§ Task description:
Reproduce the listing exactly and skip over any pictures.
————————
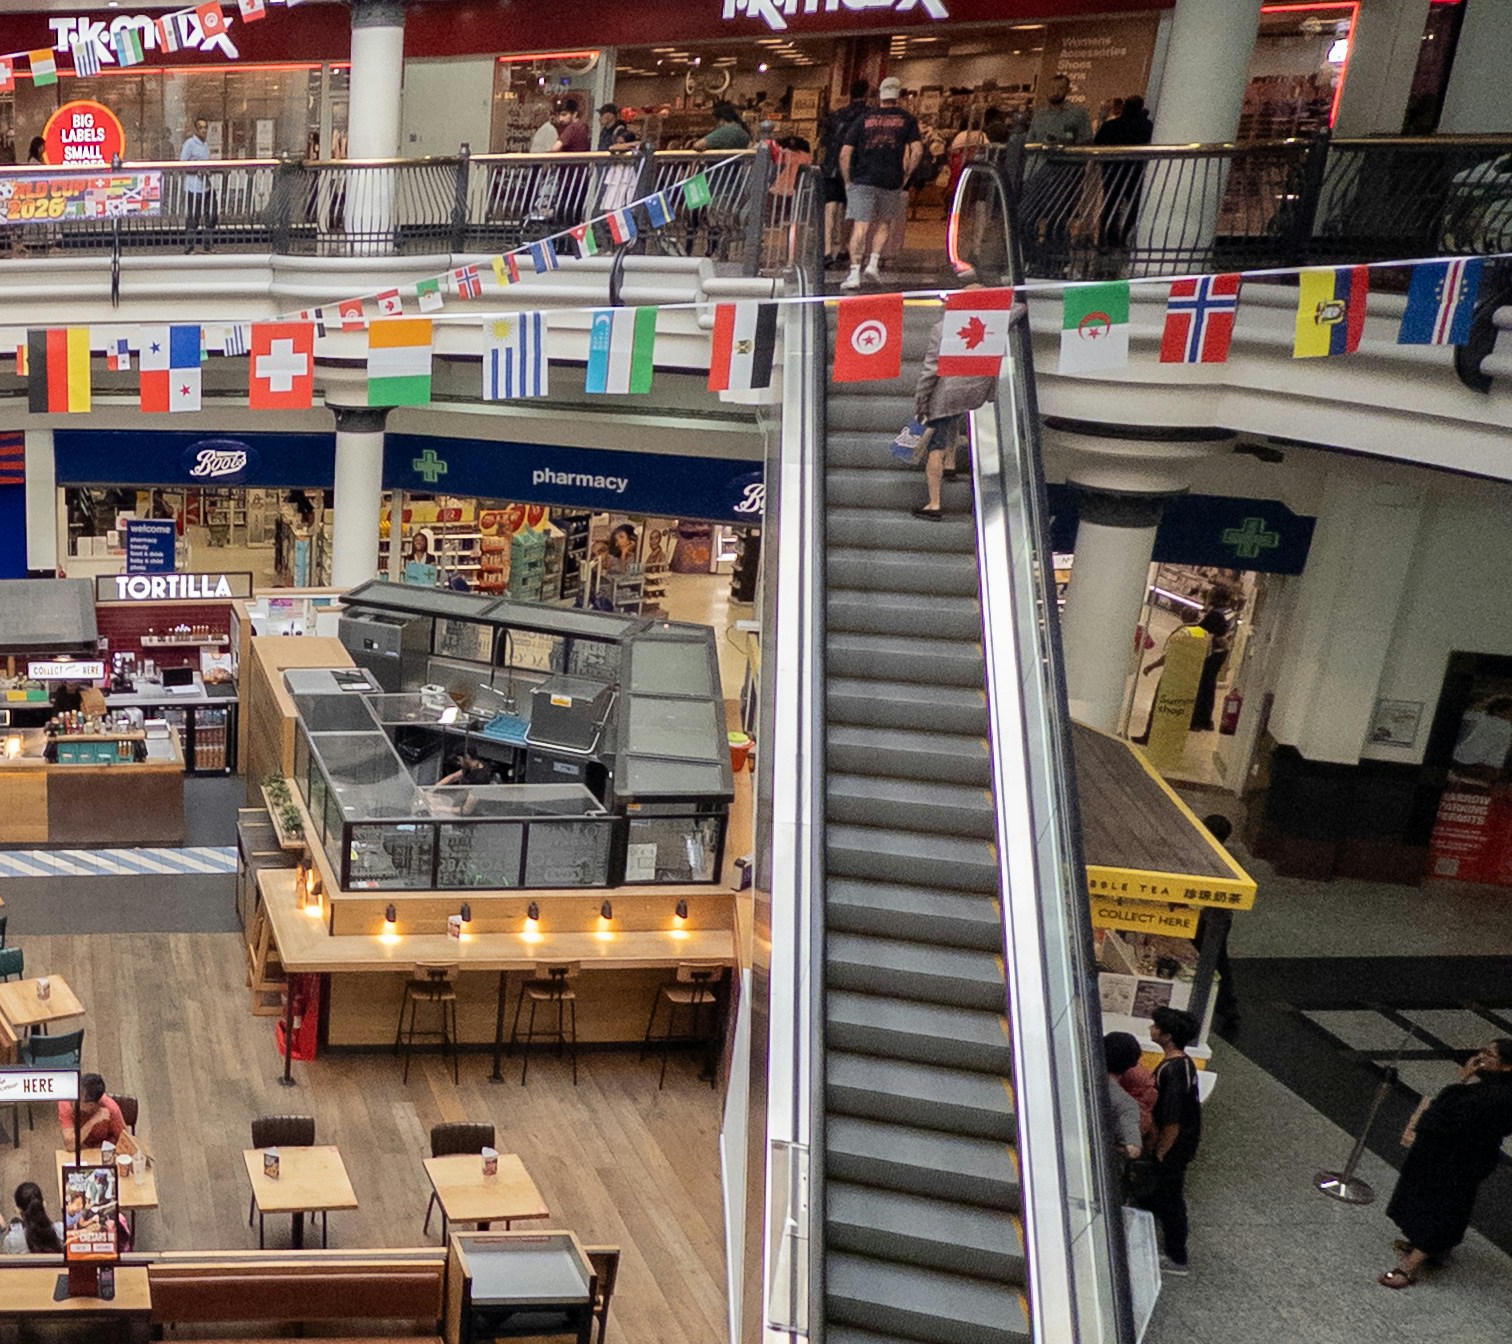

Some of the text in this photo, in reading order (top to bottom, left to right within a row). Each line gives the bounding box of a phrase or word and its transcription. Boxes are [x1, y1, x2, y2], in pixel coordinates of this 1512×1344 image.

[72, 113, 94, 127] BIG
[61, 128, 105, 143] LABELS
[64, 146, 102, 159] SMALL
[50, 179, 87, 198] CUP
[7, 197, 66, 221] 2026
[189, 449, 247, 477] Boots
[532, 467, 629, 493] pharmacy
[130, 524, 171, 533] welcome
[116, 575, 232, 599] TORTILLA
[33, 665, 63, 676] COLLECT
[83, 664, 100, 675] HERE
[1140, 884, 1170, 895] TEA
[1098, 908, 1191, 929] COLLECT HERE
[23, 1078, 54, 1093] HERE
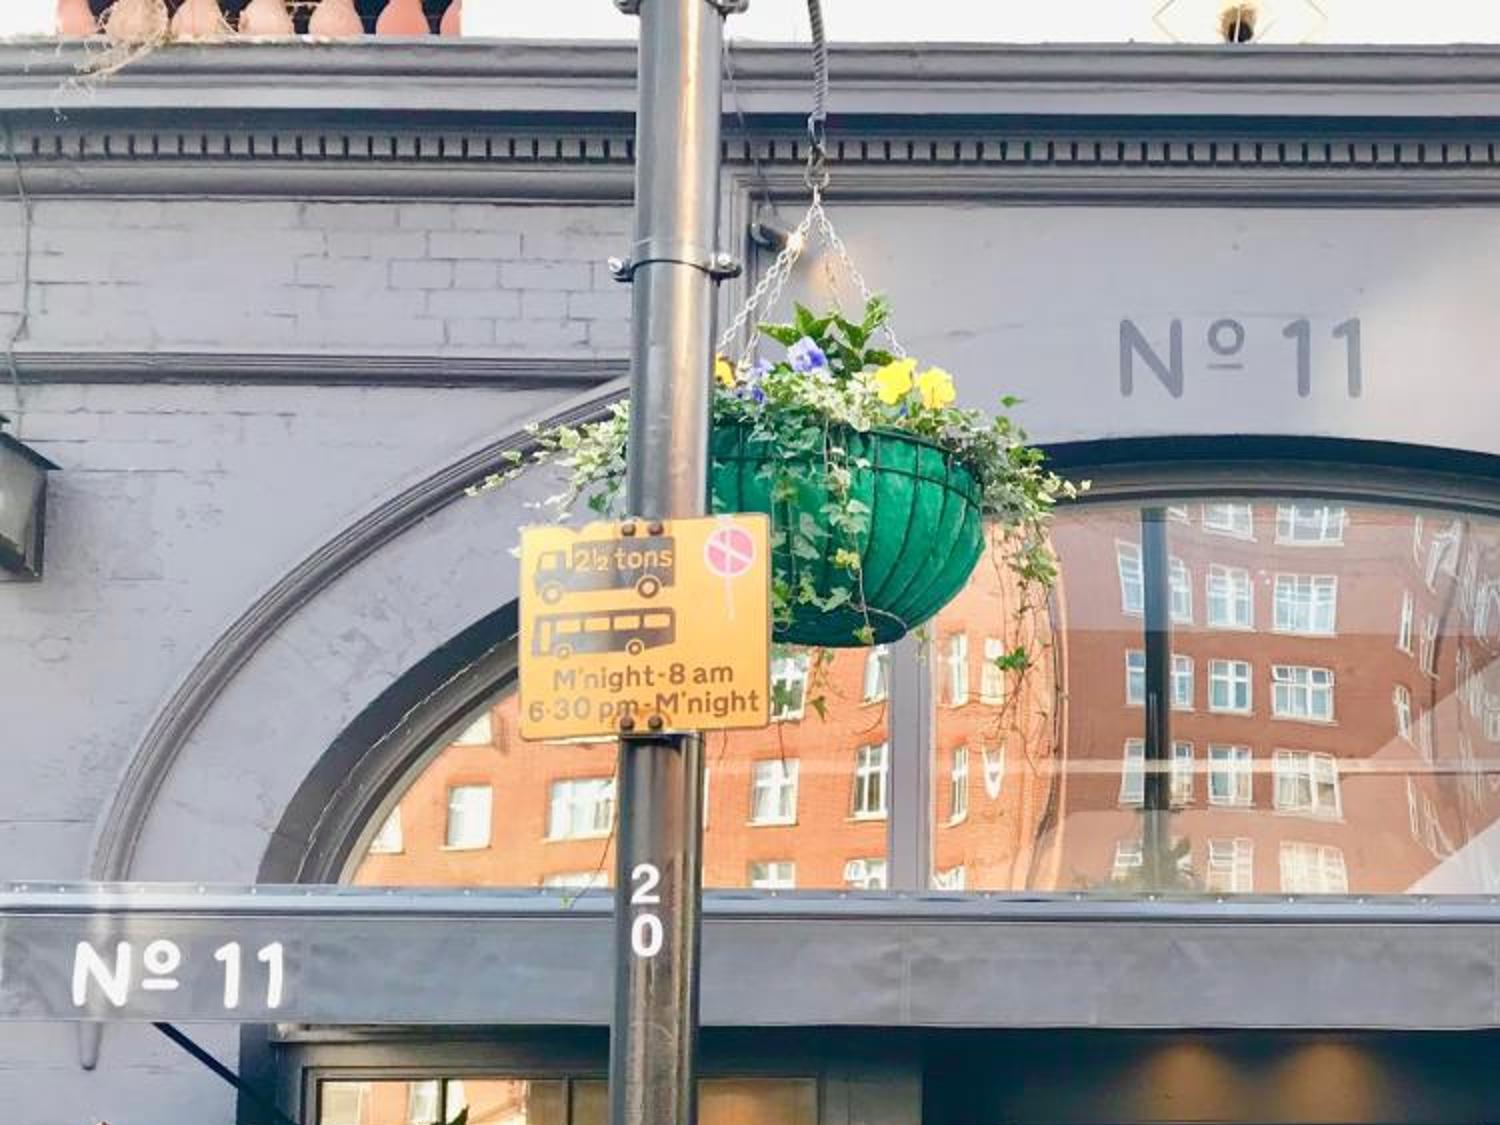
————————
§ Expected output:
Some of the text in this photo, in reading order (top to bottom, left to right within a row). Each line gives the bounding box of a phrase or word and its transcription. Boxes are [x1, y1, x2, y2], in pixel coordinates of this 1512×1344 image.

[72, 113, 94, 127] BIG
[61, 128, 105, 143] LABELS
[64, 146, 102, 159] SMALL
[50, 179, 87, 198] CUP
[7, 197, 66, 221] 2026
[189, 449, 247, 477] Boots
[532, 467, 629, 493] pharmacy
[130, 524, 171, 533] welcome
[116, 575, 232, 599] TORTILLA
[33, 665, 63, 676] COLLECT
[83, 664, 100, 675] HERE
[1140, 884, 1170, 895] TEA
[1098, 908, 1191, 929] COLLECT HERE
[23, 1078, 54, 1093] HERE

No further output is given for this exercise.